Actor came to world’s notice with ‘Dead Calm’ and ‘My Brilliant Career’

Neill was one of a host of actors and directors who achieved international fame after an explosion of Australian films that began in the late 1970s, a list that includes Paul Hogan, Mel Gibson, Geoffrey Rush, Russell Crowe, Jane Campion, Peter Weir and Gillian Armstrong. His range was remarkable, playing opposite Helena Bonham Carter in the Alan Ayckbourn comedy “Sweet Revenge” to chopping off Hunter’s finger in “The Piano” to poking his own eyes out in the sci-fi horror “Event Horizon.”

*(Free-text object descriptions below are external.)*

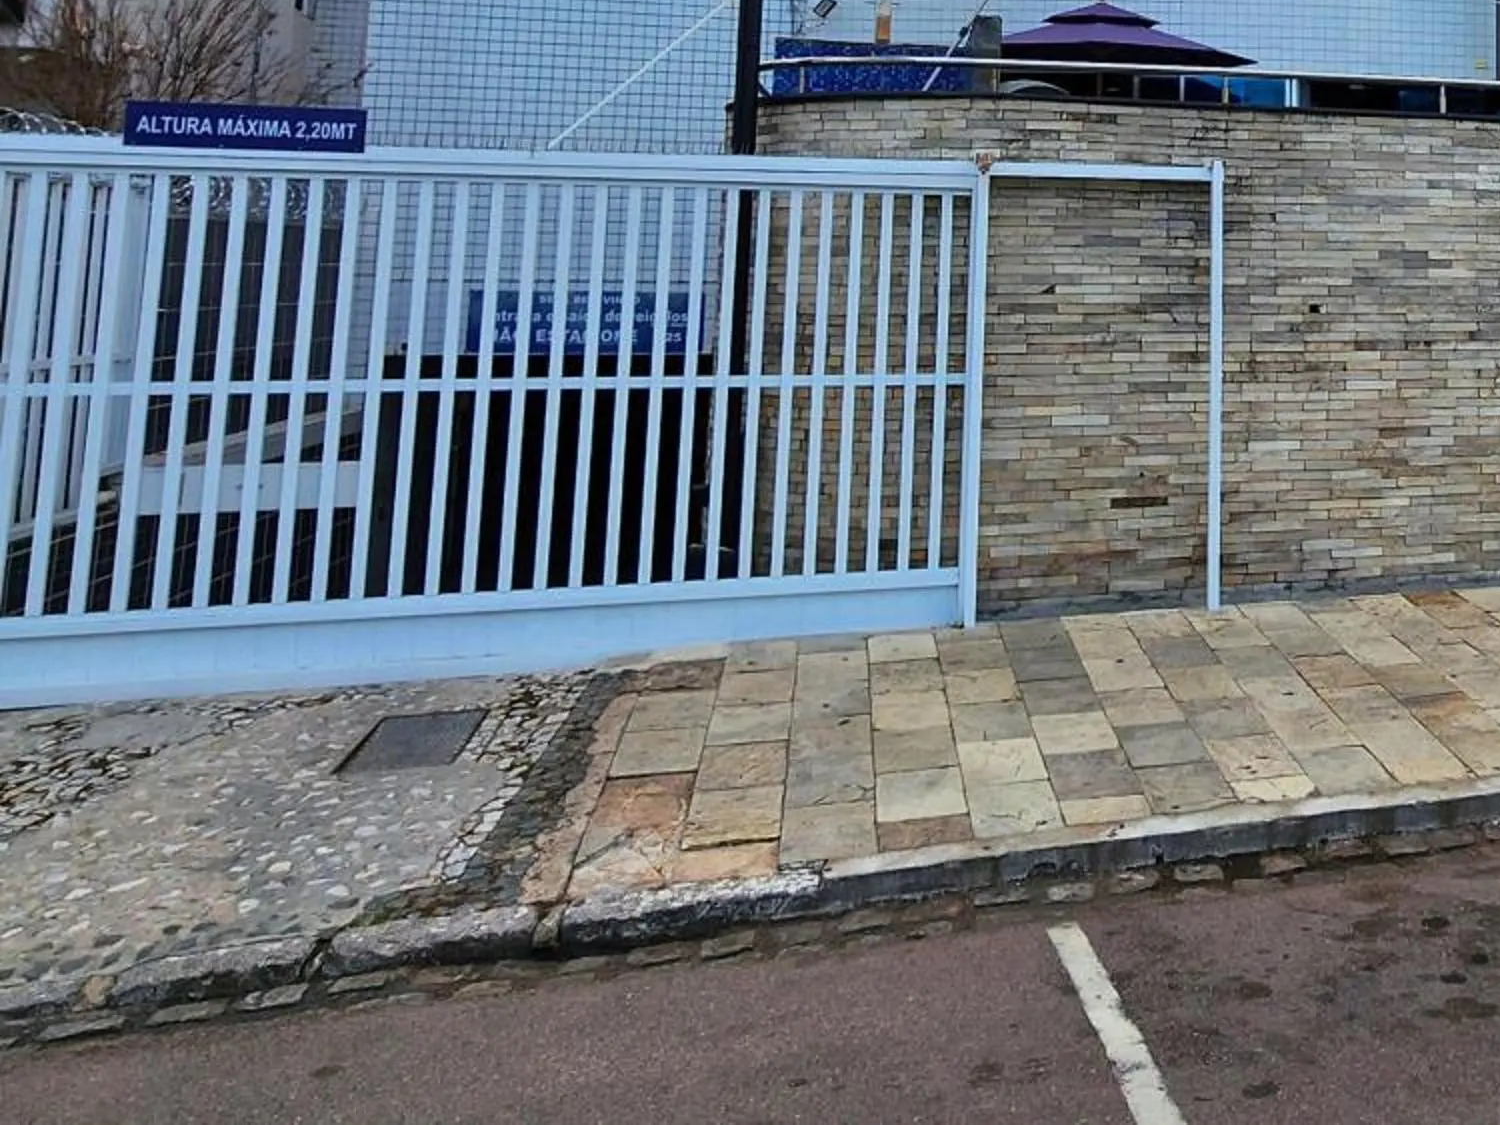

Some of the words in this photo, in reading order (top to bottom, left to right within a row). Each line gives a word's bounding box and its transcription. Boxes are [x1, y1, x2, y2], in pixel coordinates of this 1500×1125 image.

[135, 115, 213, 136] ALTURA
[217, 114, 292, 138] MÁXIMA
[295, 121, 358, 142] 2,20MT
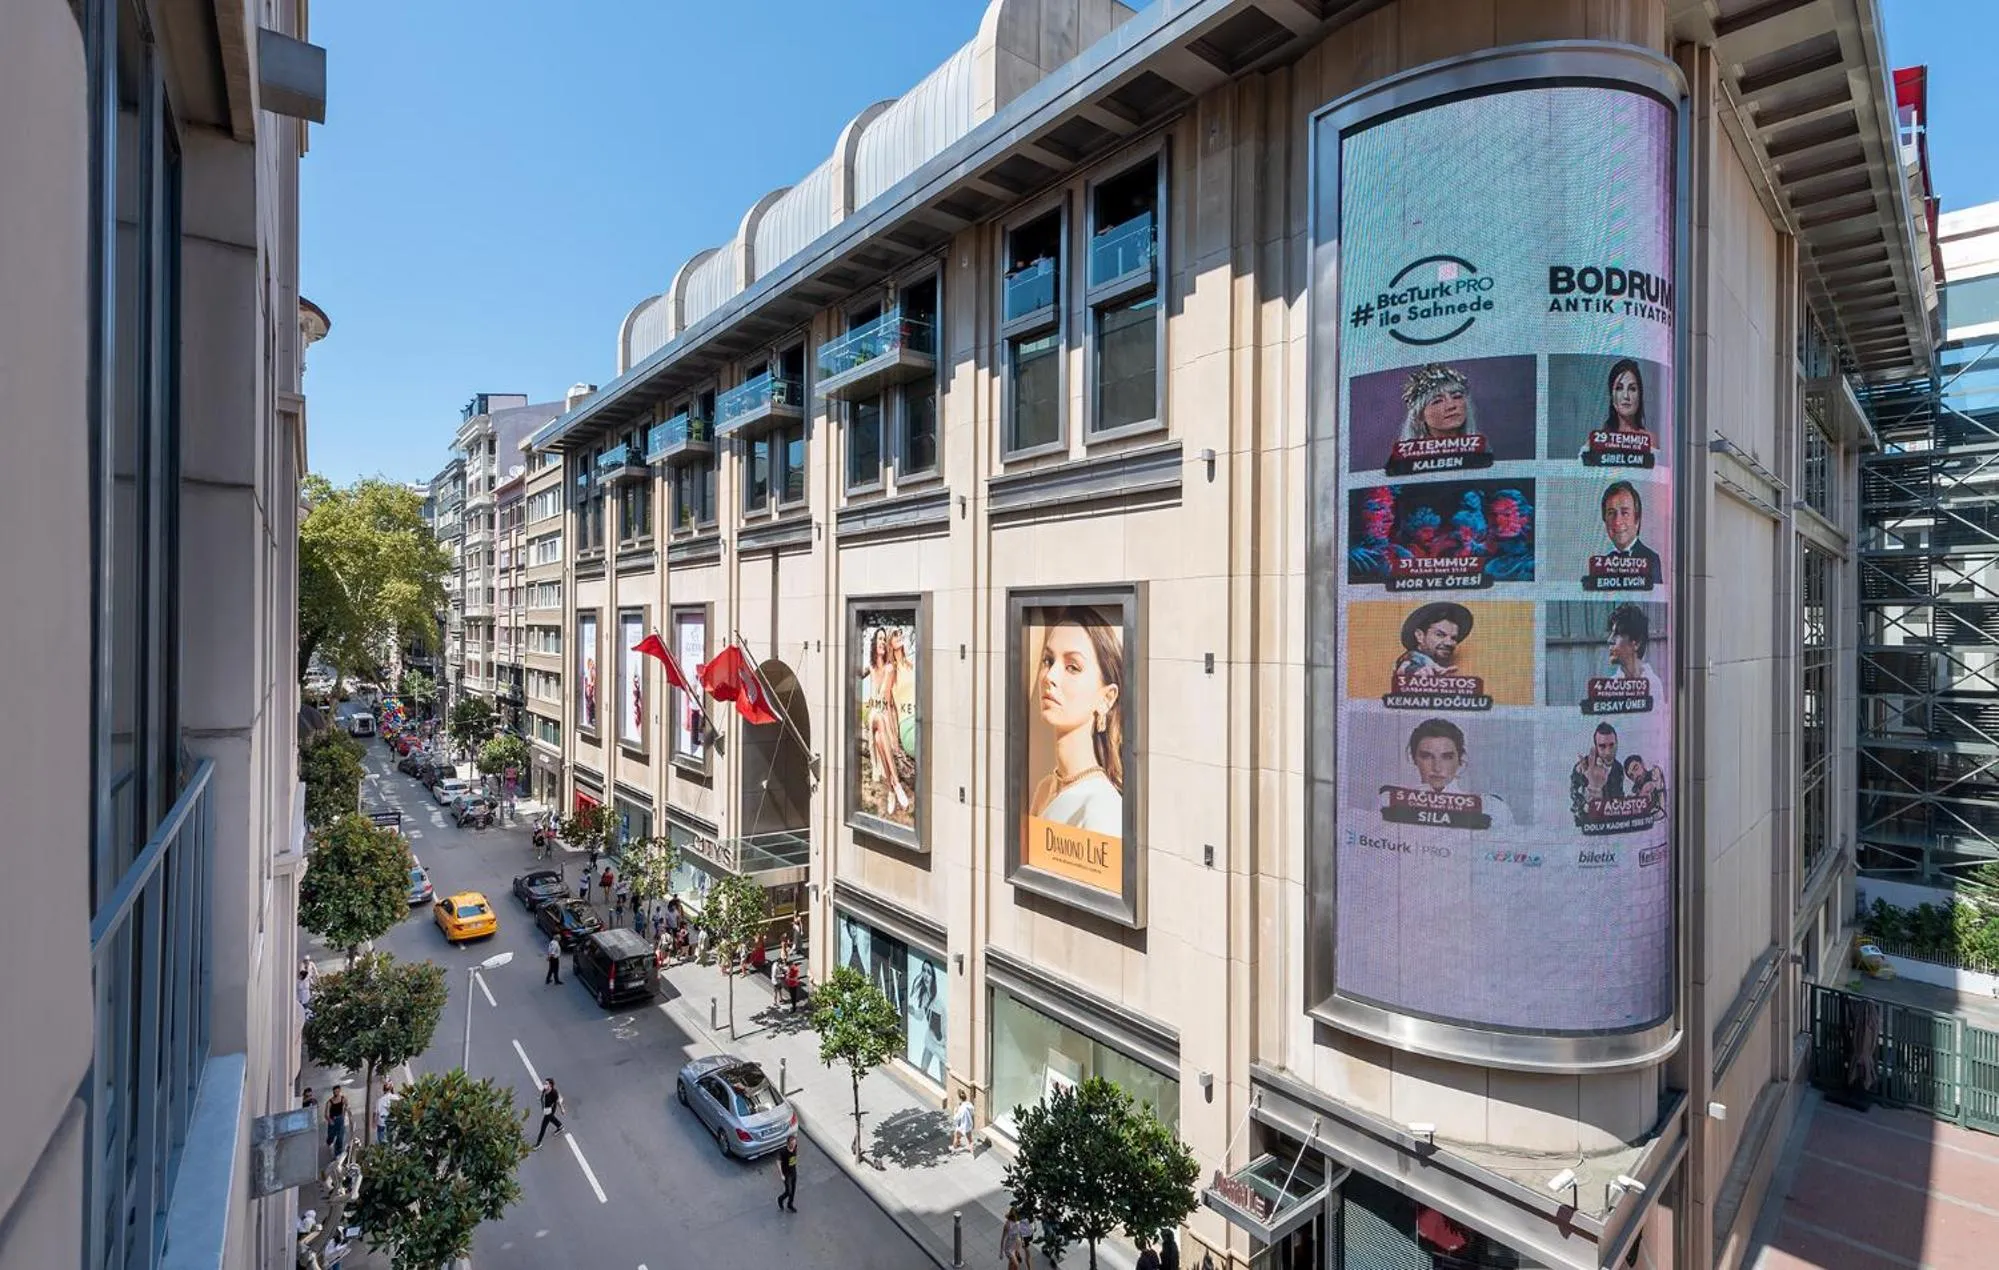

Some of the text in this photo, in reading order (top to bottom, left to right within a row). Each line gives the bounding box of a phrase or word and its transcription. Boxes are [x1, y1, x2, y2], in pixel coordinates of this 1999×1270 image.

[1549, 265, 1672, 312] BODRUM
[1379, 295, 1495, 328] ile Sahnede
[1398, 442, 1415, 454] 27
[1418, 436, 1481, 451] TEMMUZ
[1594, 431, 1607, 443] 29
[1609, 432, 1649, 447] TEMMUZ
[1412, 456, 1464, 472] KALBEN
[1627, 454, 1644, 465] CAN
[1400, 556, 1479, 569] 31 TEMMUZ
[1395, 578, 1423, 589] MOR
[1426, 577, 1443, 587] VE
[1597, 577, 1621, 588] EROL
[1398, 676, 1406, 686] 3
[1594, 680, 1603, 690] 4
[1386, 694, 1488, 708] KENAN DOĞULU
[1593, 700, 1624, 712] ERSAY
[1594, 801, 1602, 812] 7
[1417, 811, 1451, 824] SILA
[1359, 834, 1451, 859] BtcTurk PRO
[1579, 850, 1616, 864] biletix
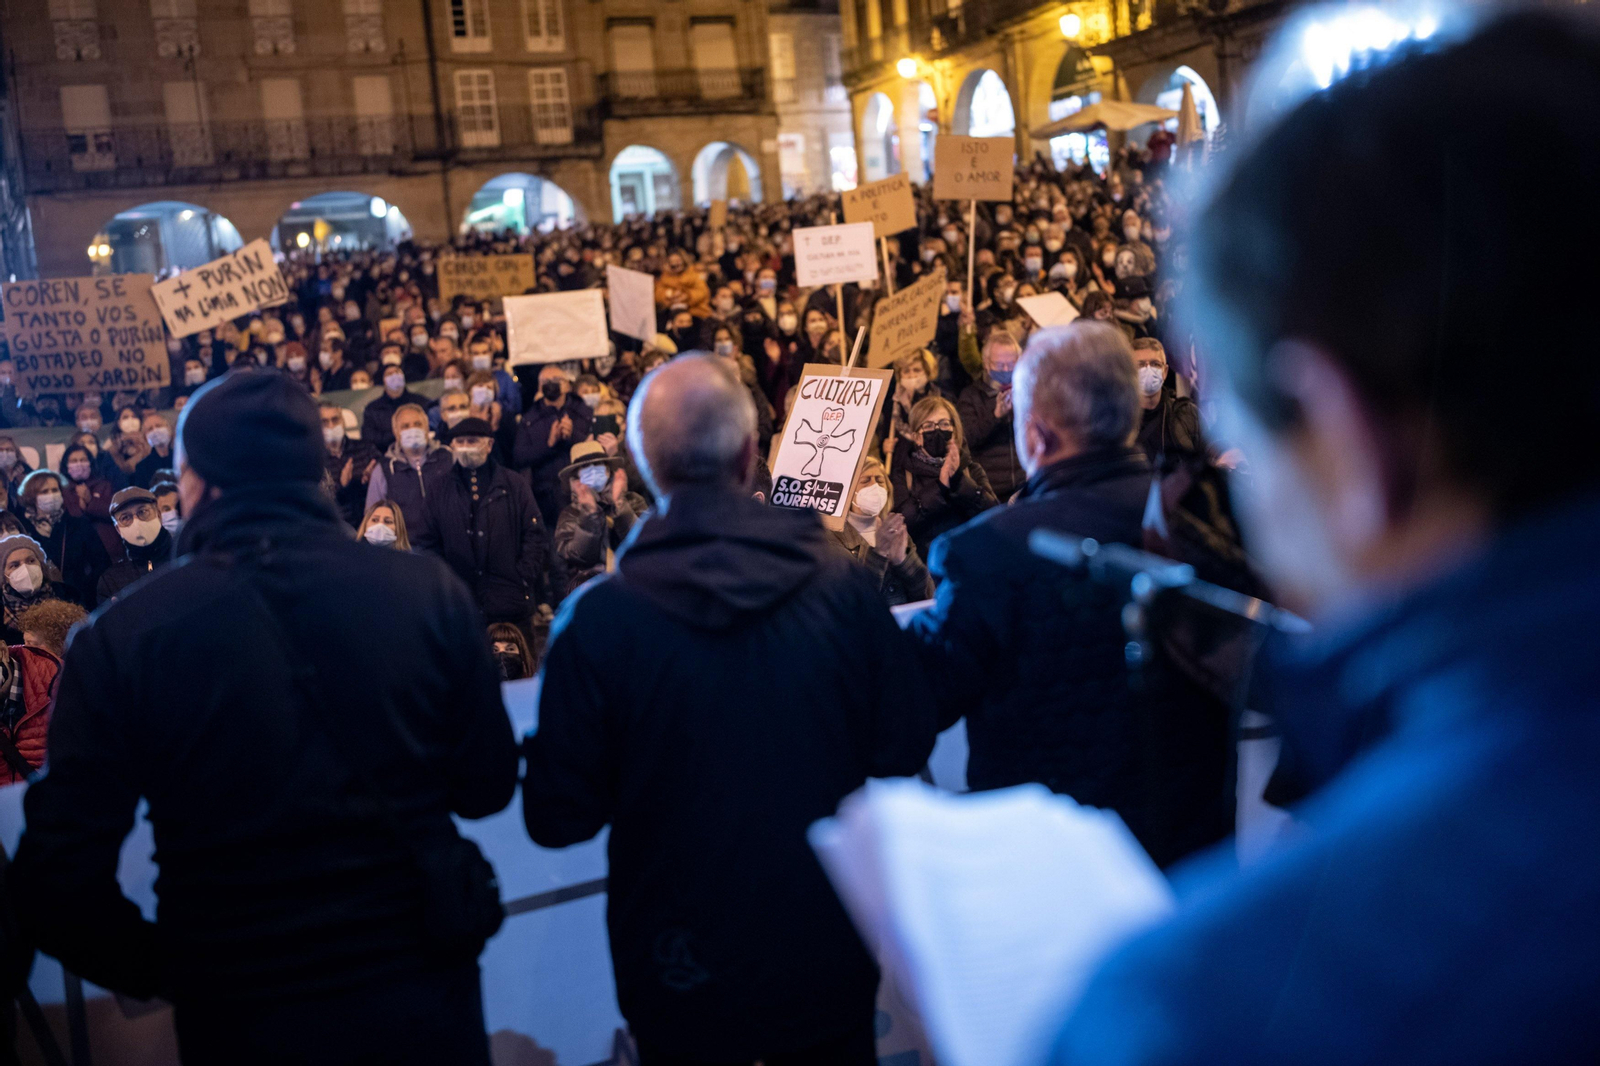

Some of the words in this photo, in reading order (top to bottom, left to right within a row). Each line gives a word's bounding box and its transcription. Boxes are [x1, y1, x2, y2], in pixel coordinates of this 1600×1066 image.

[961, 141, 989, 154] ISTO
[954, 172, 964, 183] O
[967, 170, 1000, 182] AMOR
[850, 194, 857, 204] A
[6, 281, 89, 307] COREN,
[95, 278, 126, 299] SE
[174, 305, 195, 323] NA
[242, 271, 285, 306] NON
[12, 310, 86, 328] TANTO
[96, 305, 137, 324] VOS
[13, 329, 82, 351] GUSTA
[90, 329, 101, 344] O
[107, 320, 163, 347] PURÍN
[12, 348, 103, 372] BOTADEO
[119, 348, 145, 364] NO
[27, 373, 75, 390] VOSO
[801, 378, 872, 407] CULTURA
[773, 493, 837, 513] OURENSE

In “Omen III: The Final Conflict,” he played Damien the Antichrist and he also played Cardinal Thomas Wolsey in “The Tudors.”

The actor first came to the attention of international audiences in Armstrong’s 1979 film “My Brilliant Career,” which also introduced Judy Davis. He later appeared in Phillip Noyce’s “Dead Calm,” a classy thriller set at sea and co-starring the then-relatively unknown Nicole Kidman.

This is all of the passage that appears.